The Millennium – and its Bugs

Living as I do in Greenwich, almost exactly on the Meridian Line, I thought it might interest readers of The Rock to hear about the Millennium and how it is being viewed at the coalface", so to speak, – and in particular about some of the Bugs which those who are responsible for it are having to contend with.

You should know, first of all, that I am in the fortunate position of being offered two quite different "views" of what is going on down the road on the peninsula known as Blackwall Point where the Dome is being built.

One view is the one which I have from our bedroom window: the view of the Dome itself, which we have seen gradually rising from the ground. That view I will call the external or outsider's view and it's what most residents of Greenwich have been getting used to for the past eighteen months and, more to the point, will have to live with throughout the whole of the Millennium year and for some time to come thereafter.

But there is another view which I can access because of knowing personally some of the people who are presently working on what will eventually be put into the Dome. That view I will call the internal or insider's view of things.

 

The Outsider's View

Bug No. 1 was always predictable. It is bred from the fact that English people are notoriously reluctant to get enthusiastic about, or spend money on, anything until it has become a proven success. That's why, although England has bred its fair share of inventors and innovators it's usually been people from abroad – USA, Germany, Japan, France to name but four – who have been willing to underwrite the financial risks involved with their own money and, deservedly, derive most of the financial benefit. 'Twas ever so, and it would be an understatement to say that it's difficult at the present moment to find anyone, locally or nationally, who is enthusiastic about the Dome or indeed the Millennium itself.

Of course once it's all open and proved to be successful it will be a very different story: we shall all be falling over ourselves in our protests that “we were really right behind it all the time”. Of course it won't be true, but why let the truth spoil a good storyline? Anyway that lies a little way off in the future.

It was the same with our forebears and the Dome's two predecessors – the Great Exhibition of 1851 and the Festival of Britain in 1951. On both occasions its promoters had great difficulty in "getting the idea off the ground", and once again, it was a foreigner, Prince Albert of Hecht, Queen Victoria's husband (whose idea the Exhibition was in the first place) who made the real difference by his support and enthusiasm for the whole project from the word Go.

The detractors of the 1851 Great Exhibition in Hyde Park were confounded, because the result – Paxton's Crystal Palace – attracted so many visitors that it was possible to fund from its profits the building of many of the permanent museums in Kensington, as well as Imperial College.

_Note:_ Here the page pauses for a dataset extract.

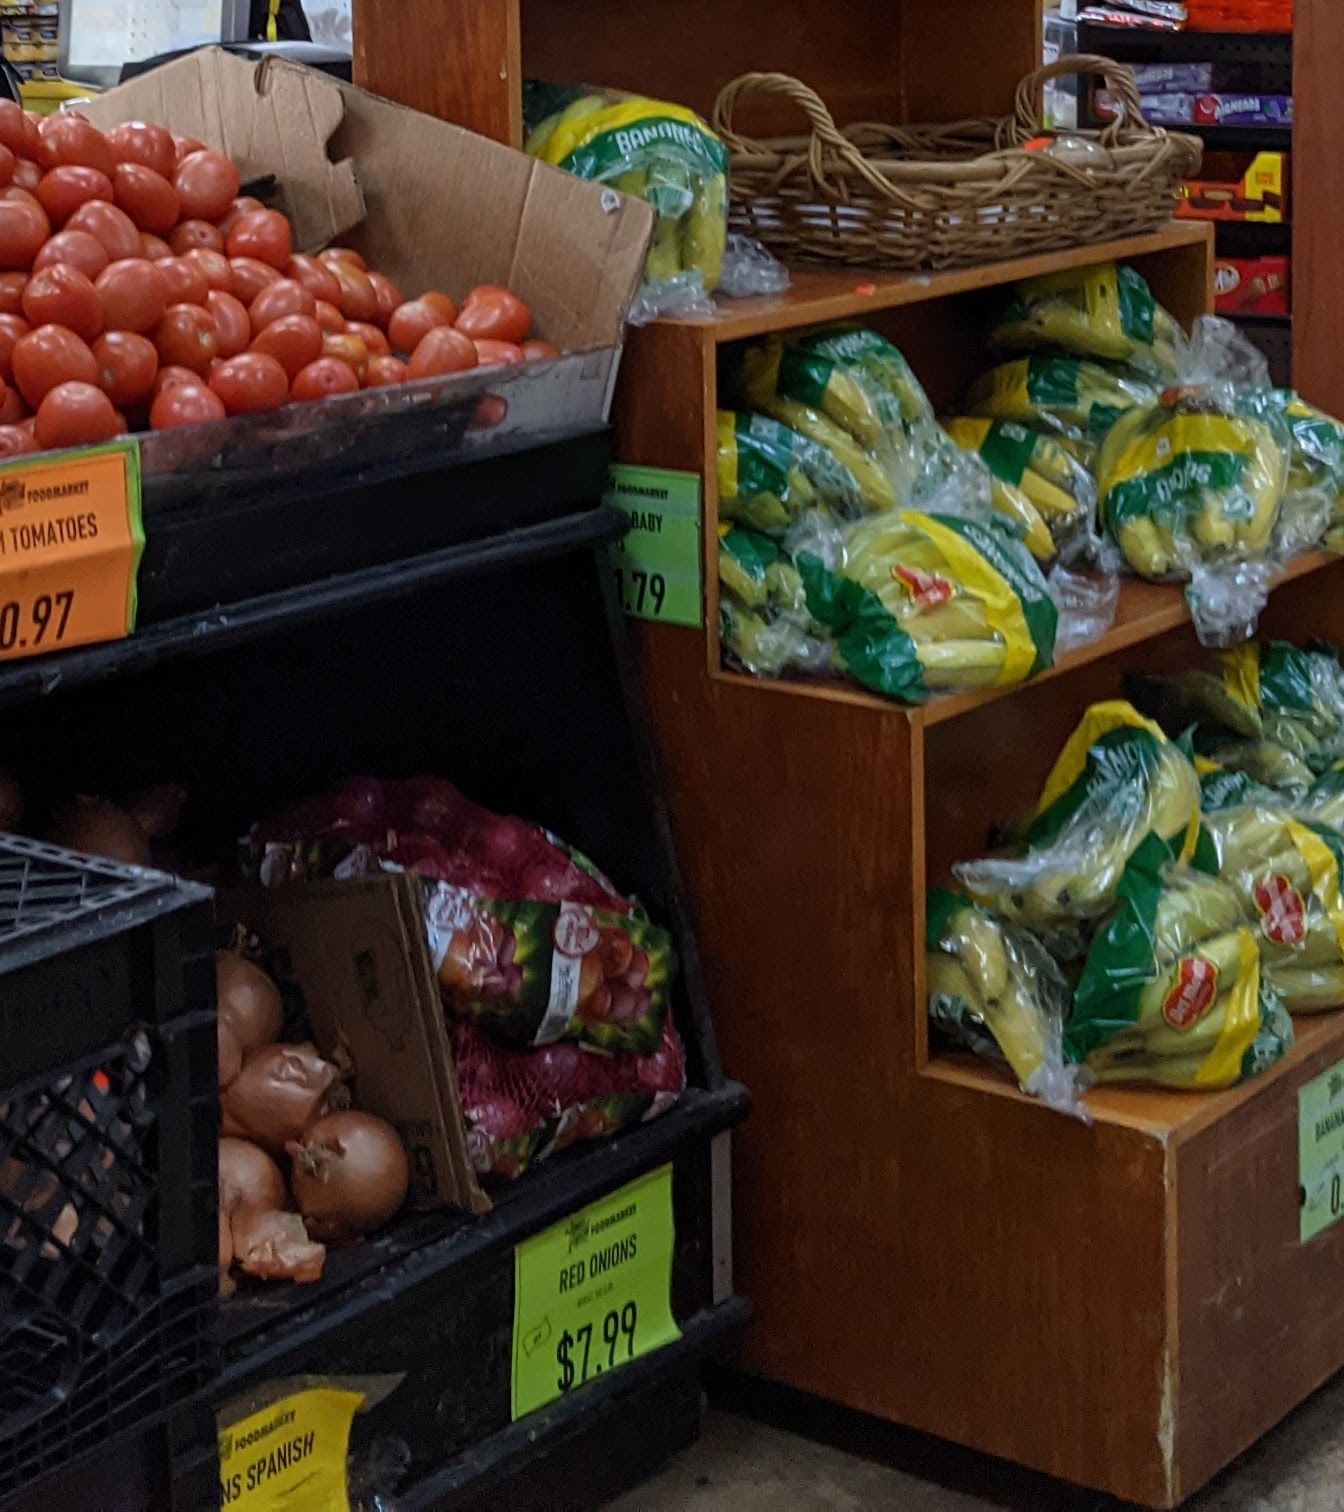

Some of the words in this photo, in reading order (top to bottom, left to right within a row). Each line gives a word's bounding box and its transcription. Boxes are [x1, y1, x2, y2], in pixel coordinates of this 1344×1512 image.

Much the same thing happened in 1951. Although in that case the financial success of the venture was partly disguised by the fact that it came in the form of much-needed foreign currency from increased exports rather than in actual cash from people passing through the turnstiles, the truth remains it all happened pretty much as planned; and people today who went to it (myself included) believe that it compared quite favourably with its predecessor of 100 years previously.

Today, however, there are two very significant differences between the AD2000 event and its predecessors.

1851 was the brainchild of one exceptionally able man, Prince Albert, and he used his unique position as Prince Consort to get his ideas across to those who were in a position to implement them. It was also a time of unparalleled national self-confidence and the idea behind it was that Britain could hold its own amongst all the other manufacturing nations of the world, America, Germany, France in particular, as their equal if not their leader; whilst 1951, although it had no Albert to guide it, came shortly after the end of the Second World War in which the Free World had defeated Germany and Japan. This gave it an important morale-boosting "spin". Although there was still many signs in London of the devastation which the war had caused, there was the general feeling around that there was both something to celebrate and something to show by way of post-war recovery.

Bug No. 2 then arises partly from that fact that there just isn't an Albert-equivalent around – someone of real vision and ability who uses his status an influence to convince fearful politicians that it's in their interest to throw all their political weight behind the project; and partly because the phrase "The Year Two Thousand" doesn't have the same ring as "We've won the War" or "Victory!" did in 1951. So we're lacking two of the vital ingredients – a Man and a Message which were there before.

Why does “The Year Two Thousand” fail to raise a cheer? Well for a start there's Bug No.3 in the form those Clever Dicks who point out that the Third Millennium begins in 2001. But that's a comparatively trivial and small bug compared with Bug No. 4.

The big problem is that the majority of this nation aren't practising Christians and don't even pretend to be. So most of them have no incentive whatever to celebrate the [approximate] 2000th anniversary of someone they suppose to be no more than a Good Man – to be venerated, perhaps, alongside Mohammed, Moses, Buddha and various other historic figures of outstanding goodness and vision.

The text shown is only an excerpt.